# Just a quick thanks



## NOLABear (Mar 23, 2009)

I would just like to send a quick thanks to all the people on the site for making it what it is. I have been reading the posts and lurking for a few months now, and finally decided to start posting a little.
I have been a regular on that other popular forum (most of you know where I am talking about) and am amazed at how much better this site is! You don't have all the brand bashing and most importantly all the stupidity! The other site has gotten to the point where it's all kids who think they know everything about every bike ever made.
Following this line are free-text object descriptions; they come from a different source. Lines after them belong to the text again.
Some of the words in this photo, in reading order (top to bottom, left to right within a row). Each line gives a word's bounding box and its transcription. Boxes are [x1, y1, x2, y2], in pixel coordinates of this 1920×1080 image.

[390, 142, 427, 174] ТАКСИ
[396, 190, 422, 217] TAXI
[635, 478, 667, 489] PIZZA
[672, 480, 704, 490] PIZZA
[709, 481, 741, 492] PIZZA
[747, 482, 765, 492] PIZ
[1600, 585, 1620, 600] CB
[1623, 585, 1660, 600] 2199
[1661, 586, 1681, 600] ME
Also every other post is a question about will 
____ size tire fit on ____ bike.
Anyway, thanks for hosting a nice site that helps the weekend rider/mechanic. I appreciate all the help!


----------



## DrillersGoDeeper (Jan 3, 2009)

Glad to have ya! Welcome!!:rockn:

Yeah, I'm getting really tired of the other site as well...Same Ol Stuff everyday.
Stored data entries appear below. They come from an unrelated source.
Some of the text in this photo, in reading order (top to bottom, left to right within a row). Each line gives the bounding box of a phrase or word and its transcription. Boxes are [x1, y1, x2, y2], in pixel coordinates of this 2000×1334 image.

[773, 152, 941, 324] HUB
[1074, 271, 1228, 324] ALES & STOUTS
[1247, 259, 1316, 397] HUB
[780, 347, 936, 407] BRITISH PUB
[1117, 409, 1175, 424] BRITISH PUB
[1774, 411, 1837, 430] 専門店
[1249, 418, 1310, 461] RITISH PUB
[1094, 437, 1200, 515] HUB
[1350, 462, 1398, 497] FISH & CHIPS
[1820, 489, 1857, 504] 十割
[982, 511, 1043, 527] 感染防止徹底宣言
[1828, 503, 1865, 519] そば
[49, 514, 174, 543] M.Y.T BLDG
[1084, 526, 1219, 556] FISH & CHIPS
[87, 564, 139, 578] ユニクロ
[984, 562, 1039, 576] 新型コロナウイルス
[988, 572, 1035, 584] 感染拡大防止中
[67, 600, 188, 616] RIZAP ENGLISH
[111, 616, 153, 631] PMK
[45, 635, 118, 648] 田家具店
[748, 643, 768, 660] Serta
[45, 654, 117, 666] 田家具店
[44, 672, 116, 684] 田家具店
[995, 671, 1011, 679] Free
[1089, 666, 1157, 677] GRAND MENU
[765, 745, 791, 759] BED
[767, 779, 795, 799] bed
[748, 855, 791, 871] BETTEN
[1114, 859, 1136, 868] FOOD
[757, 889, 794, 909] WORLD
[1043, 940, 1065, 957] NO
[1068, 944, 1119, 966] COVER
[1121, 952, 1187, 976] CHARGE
There are some great people there too...but too much *BS*


----------



## jctgumby (Apr 23, 2009)

I have tried to hang out on the other site but I just don't like the way it is organized or moderated...Like you said, way to many kids talking 'bout stuff they don't know about just trying to sound like they are the baddest SOBs out there


----------



## snipe523 (Mar 19, 2009)

You mean there are sites other than this one?


----------



## Metal Man (Dec 17, 2008)

Glad all you guys are enjoying the site. Just remember the MIMB site was started to help the hands on rider and to try and store a lot of the good info for future use.Not to bash others. Most of the bunch that hang here are willing to help when and where they can and any info any of you pass along is appreciated.
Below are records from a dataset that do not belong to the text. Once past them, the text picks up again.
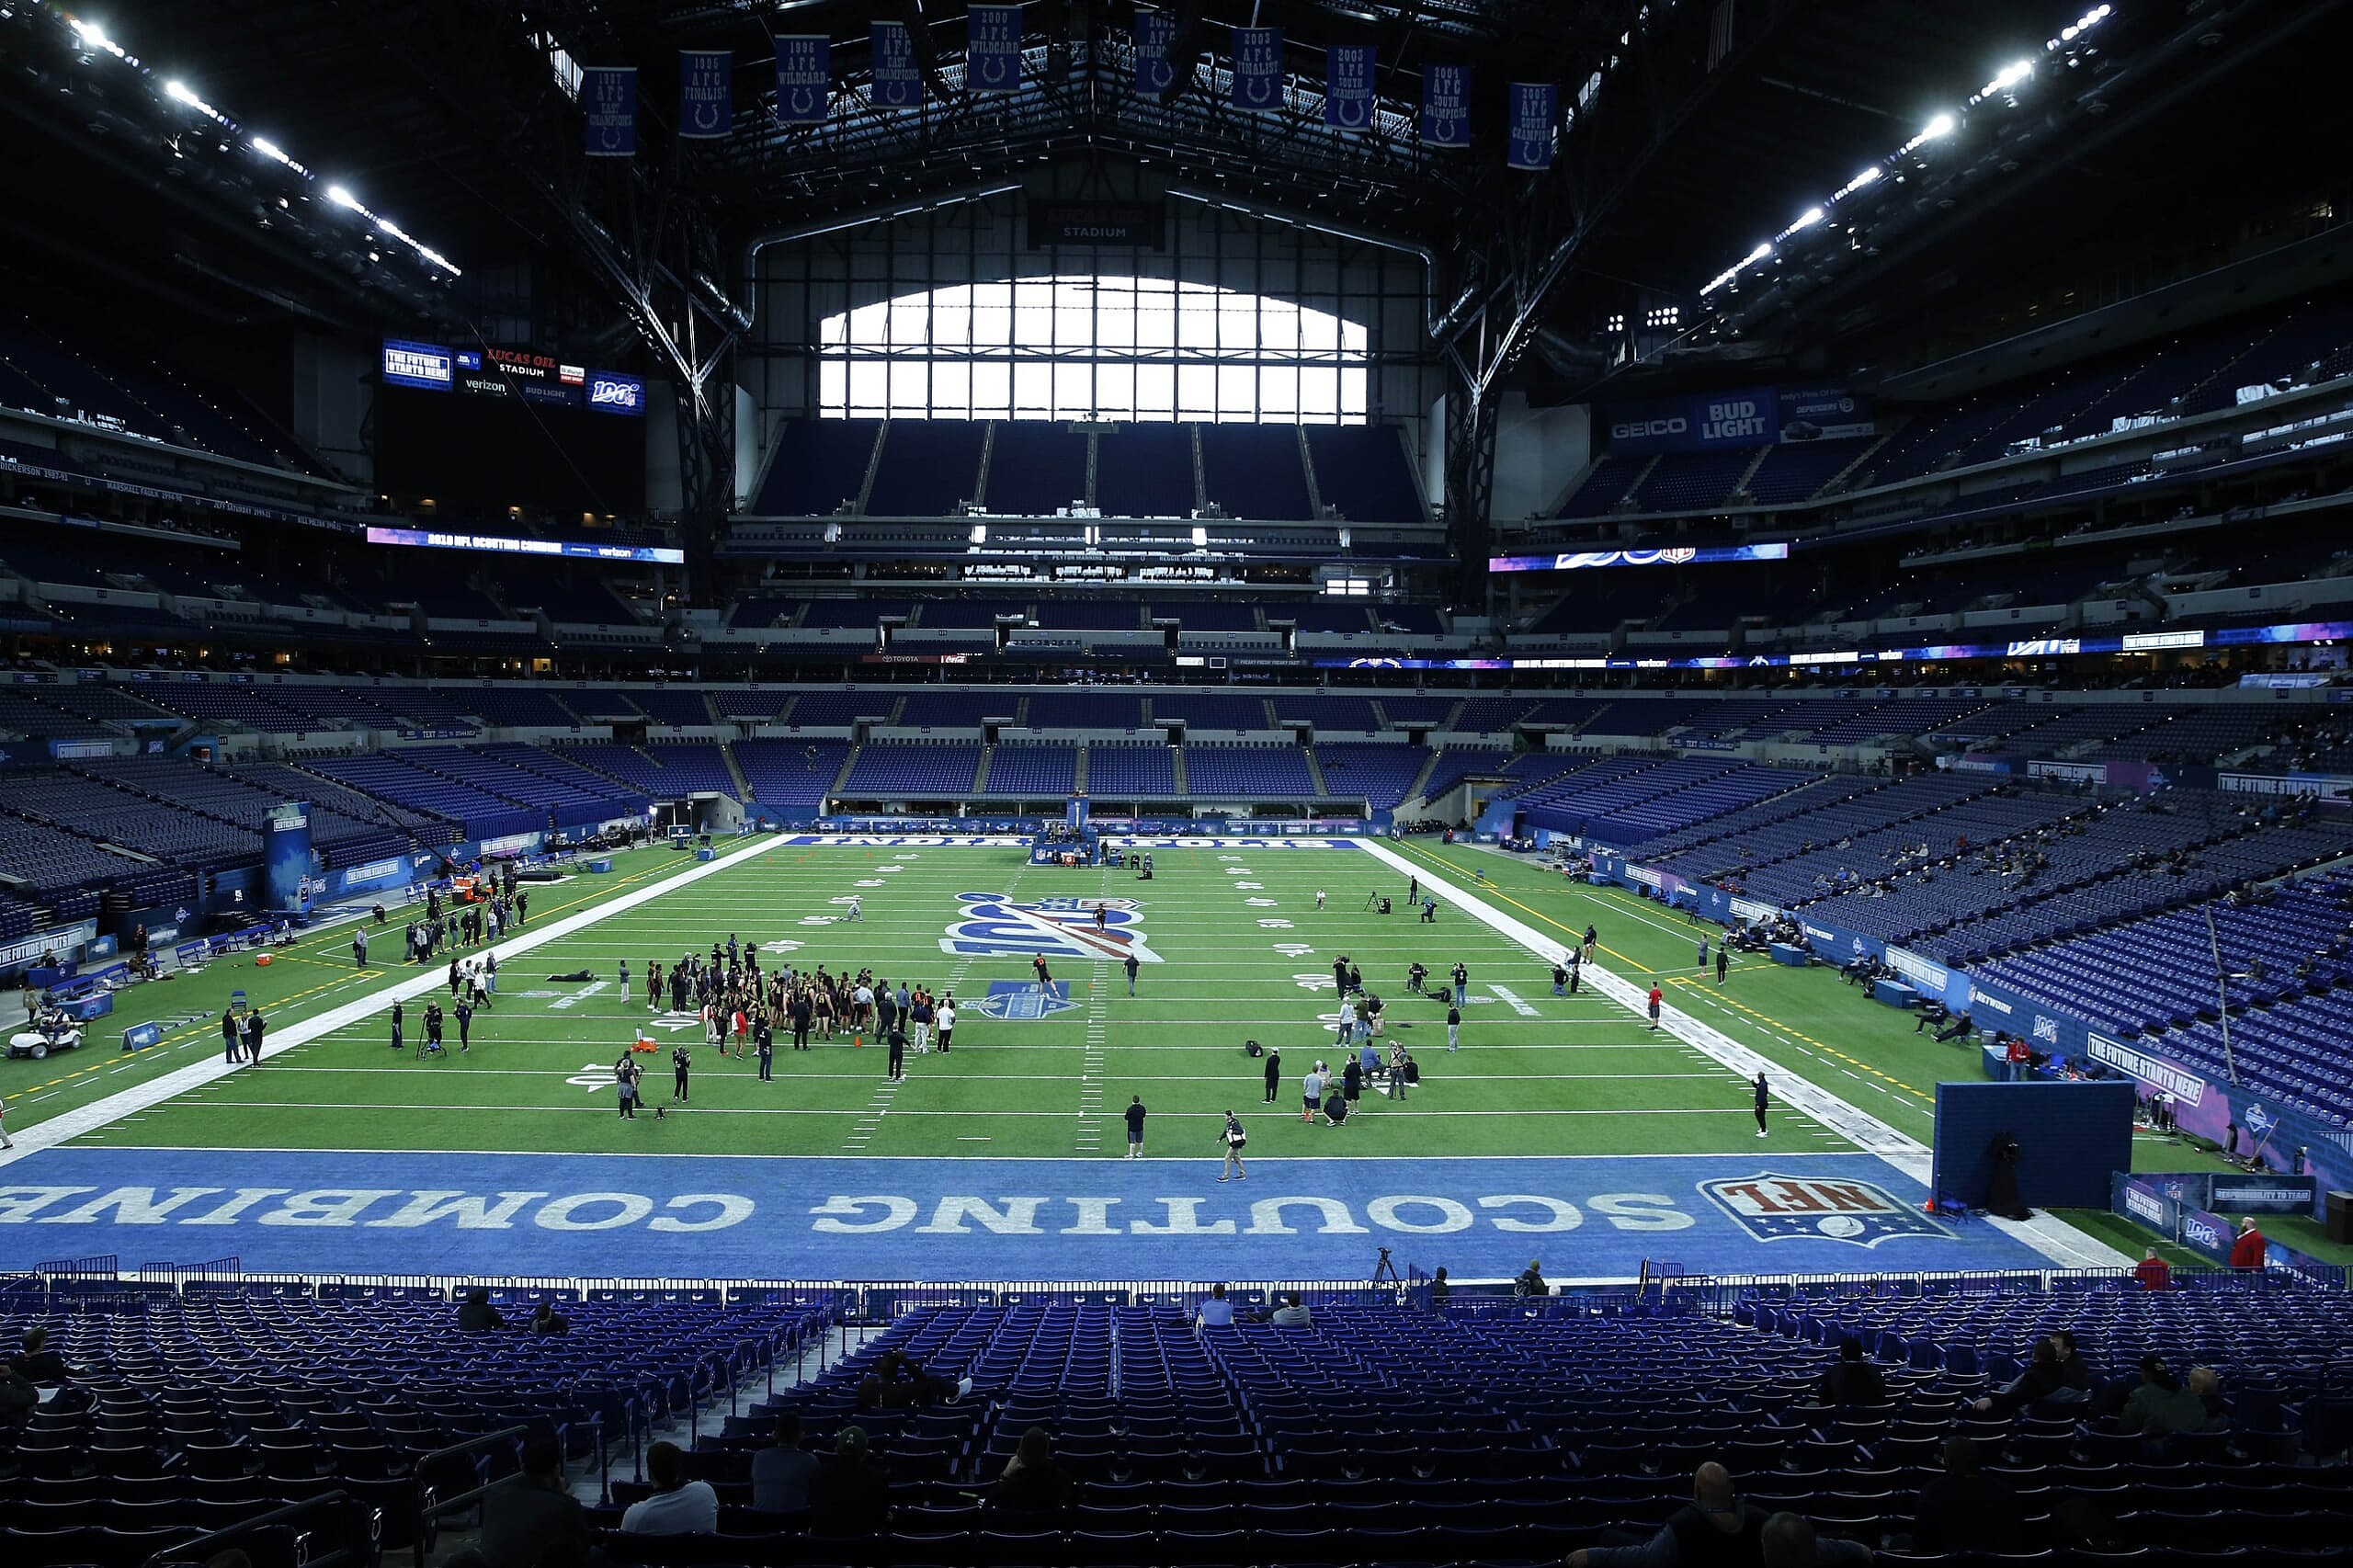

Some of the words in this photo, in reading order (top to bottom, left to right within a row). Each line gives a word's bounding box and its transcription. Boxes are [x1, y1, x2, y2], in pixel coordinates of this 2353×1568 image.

[980, 27, 1007, 40] AFC
[883, 40, 912, 55] AFC
[971, 40, 1018, 54] WILDCARD
[1243, 48, 1272, 61] AFC
[788, 57, 815, 69] AFC
[1236, 61, 1279, 74] FINALIST
[1338, 62, 1363, 75] AFC
[692, 73, 721, 85] AFC
[779, 72, 825, 85] WILDCARD
[875, 68, 919, 80] CHAMPIONS
[597, 85, 623, 102] AFC
[1434, 79, 1461, 95] AFC
[1426, 104, 1467, 119] CHAMPIONS
[1521, 100, 1548, 117] AFC
[1063, 227, 1126, 238] STADIUM
[389, 352, 406, 363] THE
[407, 354, 441, 368] FUTURE
[487, 348, 530, 365] LUCAS
[533, 356, 556, 369] OIL
[425, 367, 448, 378] HERE
[499, 364, 545, 377] STADIUM
[466, 379, 506, 392] verizon
[526, 387, 543, 395] BUD
[543, 389, 566, 399] LIGHT
[1709, 401, 1756, 421] BUD
[1611, 417, 1688, 439] GEICO
[1701, 416, 1766, 439] LIGHT
[0, 461, 41, 477] DICKERSON
[107, 482, 141, 495] MARSHALL
[454, 535, 472, 547] NFL
[472, 537, 519, 550] SCOUTING
[598, 547, 631, 557] verizon
[1637, 658, 1667, 667] verizon
[2221, 777, 2239, 791] THE
[2240, 778, 2277, 794] FUTURE
[11, 941, 39, 960] FUTURE
[39, 936, 68, 954] STARTS
[1975, 990, 2013, 1015] NETWORK
[2090, 1037, 2106, 1058] THE
[2107, 1043, 2140, 1072] FUTURE
[2139, 1058, 2175, 1090] STARTS
[2175, 1074, 2201, 1101] HERE
[1730, 1180, 1888, 1213] NFL
[2130, 1189, 2140, 1202] THE
[2140, 1193, 2160, 1210] FUTURE
[2278, 1190, 2287, 1199] TO
[2288, 1190, 2309, 1200] TEAM
[0, 1185, 753, 1233] COMBINE
[809, 1192, 1697, 1235] SCOUTING
HL...The other site some of you have mentioned is were most of use got started interacting with others over the PC about our ATV hobby. That site has tons of good info posted all over it by some knowledgeable guys. So please don't compare MIMB to HL in a demeaning way. Most of use are members on both sites. And they both have good and bad points.....well maybe MIMB don't have any bad points but you get what i'm saying LOL :bigok:


----------



## phreebsd (Dec 16, 2004)

im glad everyone enjoys this forum as much as i do.


----------



## Metal Man (Dec 17, 2008)

LOL I don't think anyone could enjoy it as much as you do Steve :greddy2:

<<----- BY the way ,cool badge. Thanks. you the man


----------



## phreebsd (Dec 16, 2004)

yep im on here quite a bit. i love it!
im always working on something to try and better this place.


----------



## Polaris425 (Dec 16, 2004)

thanks for the kind words!! I had a vision when I started the website, but it was nowhere near as big as this has grown into!!!!!


:rockn:


----------



## wildchild405 (Apr 21, 2009)

Must say it's one of the best sites I've found!!


----------



## Polaris425 (Dec 16, 2004)

Polaris425 said:


> thanks for the kind words!! I had a vision when I started the website, but it was nowhere near as big as this has grown into!!!!!
> 
> 
> :rockn:


forgot to add, a big thanks to STEVE (phreebsd), he's the reason the forum is as good as it is. There's no way Id have done all this by myself. If it wernt for him we'd still be on that crappy free forum.


----------



## phreebsd (Dec 16, 2004)

aww


----------



## DrillersGoDeeper (Jan 3, 2009)

I think he's sweet on you Steve, lol


----------



## 1bigforeman (Jun 23, 2009)

Do you need us to leave so you can have your way? lol. Really though, special thanks to all of you that make this happen as well as the people that give good info. and help out all that you can. You all know who you are in the nominations thread. I have been a regular on HL since 06 and have been a "lurker" here. I'm glad that this site has become what it is and at the right time as the bs on there is getting old. As some others said, there are many good people but a few spoil it for everyone.


----------



## RDWD (May 11, 2009)

Polaris425 said:


> forgot to add, a big thanks to STEVE (phreebsd), he's the reason the forum is as good as it is. There's no way Id have done all this by myself. If it wernt for him we'd still be on that crappy free forum.


 
I guess we know who is sharing a tent at Rocks Bottom. :greddy2:


----------



## Metal Man (Dec 17, 2008)

If the tent is a rocken dont go a knocken :saevilw:


----------



## Polaris425 (Dec 16, 2004)

Better watch it, I'll give the gate keeper's ya'lls pics & say, dont let these :greddy2: guy's in the park!  haha


----------



## Metal Man (Dec 17, 2008)

Sound like something i would do.:haha:


----------